Pensava eu que tal tese estivesse totalmente superada com o julgamento da ação direta de inconstitucionalidade (Adin) 1.851-4/AL, que teve como requerente a Confederação Nacional do Comércio e requerido, o governador do Estado de Alagoas. Esse julgamento concluiu que independentemente do valor da operação estar menor do que o presumido na operação de substituição tributária, o contribuinte não terá direito de se valer da diferença.

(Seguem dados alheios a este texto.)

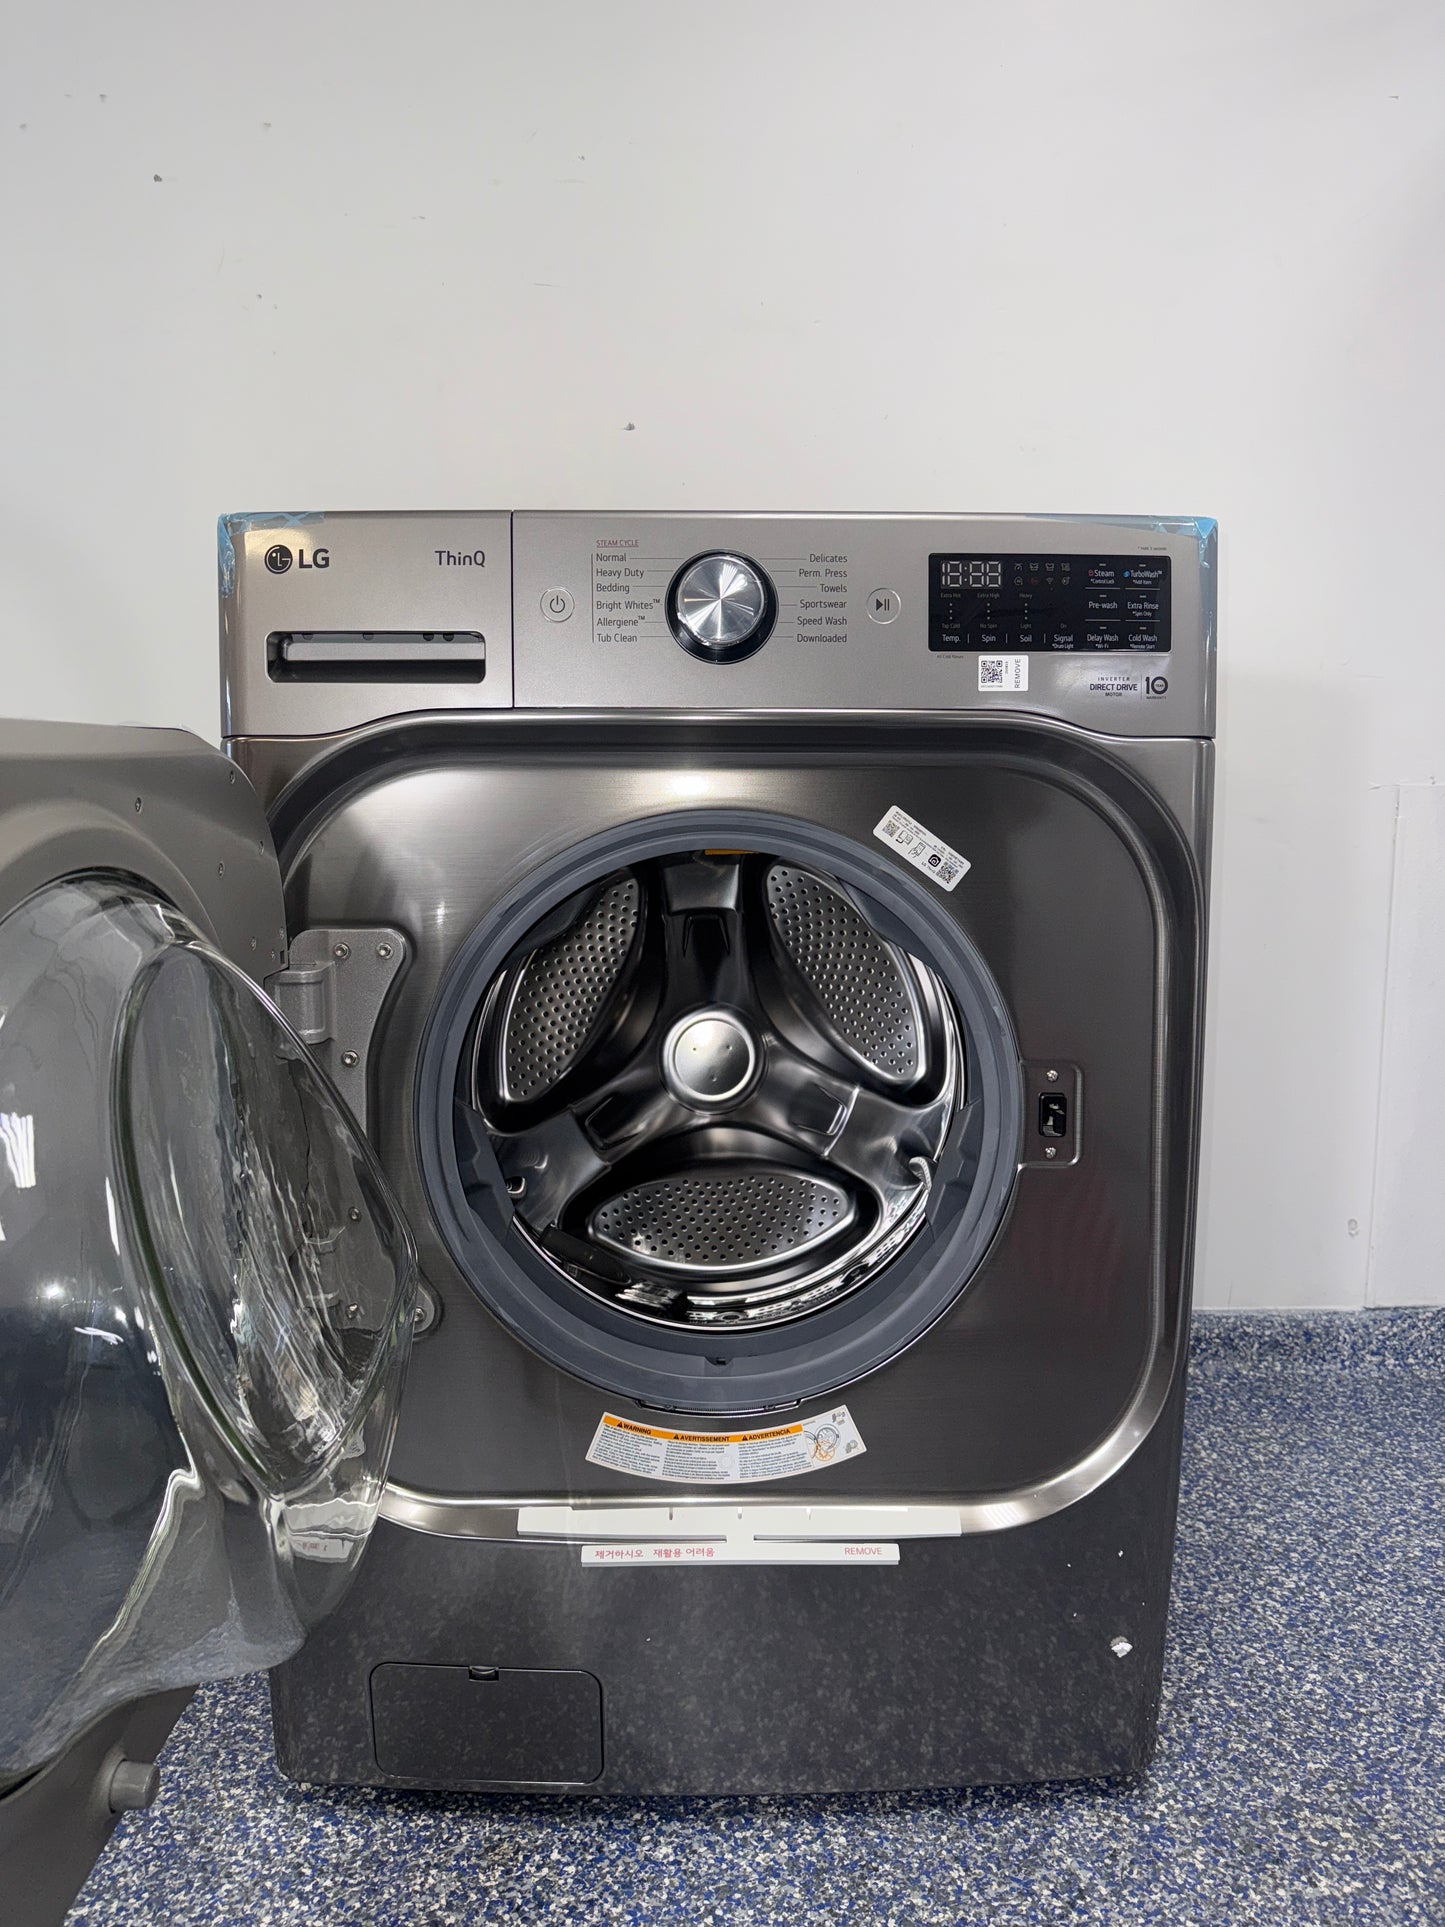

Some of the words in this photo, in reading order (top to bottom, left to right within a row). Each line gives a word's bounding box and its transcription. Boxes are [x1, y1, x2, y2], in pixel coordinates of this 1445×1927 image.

[596, 540, 618, 548] STEAM
[619, 540, 640, 548] CYCLE
[298, 548, 331, 569] LG
[434, 550, 486, 568] ThinQ
[596, 553, 627, 562] Normal
[809, 553, 848, 563] Delicates
[596, 567, 622, 579] Heavy
[624, 567, 645, 579] Duty
[798, 568, 822, 578] Perm.
[825, 568, 848, 578] Press
[1094, 569, 1115, 578] Steam
[596, 583, 630, 594] Bedding
[819, 583, 848, 593] Towels
[596, 600, 622, 612] Bright
[800, 598, 847, 610] Sportswear
[1088, 601, 1118, 609] Pre-wash
[1127, 601, 1143, 610] Extra
[1143, 601, 1159, 610] Rinse
[797, 615, 823, 626] Speed
[825, 616, 848, 626] Wash
[597, 633, 612, 643] Tub
[613, 633, 638, 643] Clean
[796, 633, 848, 643] Downloaded
[942, 634, 961, 643] Temp.
[981, 634, 997, 643] Spin
[1019, 634, 1033, 643] Soil
[1053, 634, 1074, 643] Signal
[1086, 634, 1103, 643] Delay
[1103, 634, 1119, 642] Wash
[1128, 634, 1142, 642] Cold
[1142, 634, 1158, 642] Wash
[1089, 683, 1115, 691] DIRECT
[1116, 683, 1138, 691] DRIVE
[1145, 676, 1169, 695] 10
[623, 1423, 652, 1435] WARNING
[680, 1434, 731, 1443] AVERTISSEMENT
[748, 1428, 791, 1441] ADVERTENCIA
[844, 1547, 882, 1556] REMOVE

A partir de então, o Supremo Tribunal Federal (STF) enterrou o pretenso direito dos contribuintes de repetirem eventuais débitos tributários decorrentes de produtos sobre substituição tributária que tinham sido comercializados por valor inferior. À época muito se comentou sobre essa decisão. A doutrina esbravejou e inúmeras ações em curso foram alteradas. As decisões de primeira instância que tendiam à concessão da restituição caíram por terra.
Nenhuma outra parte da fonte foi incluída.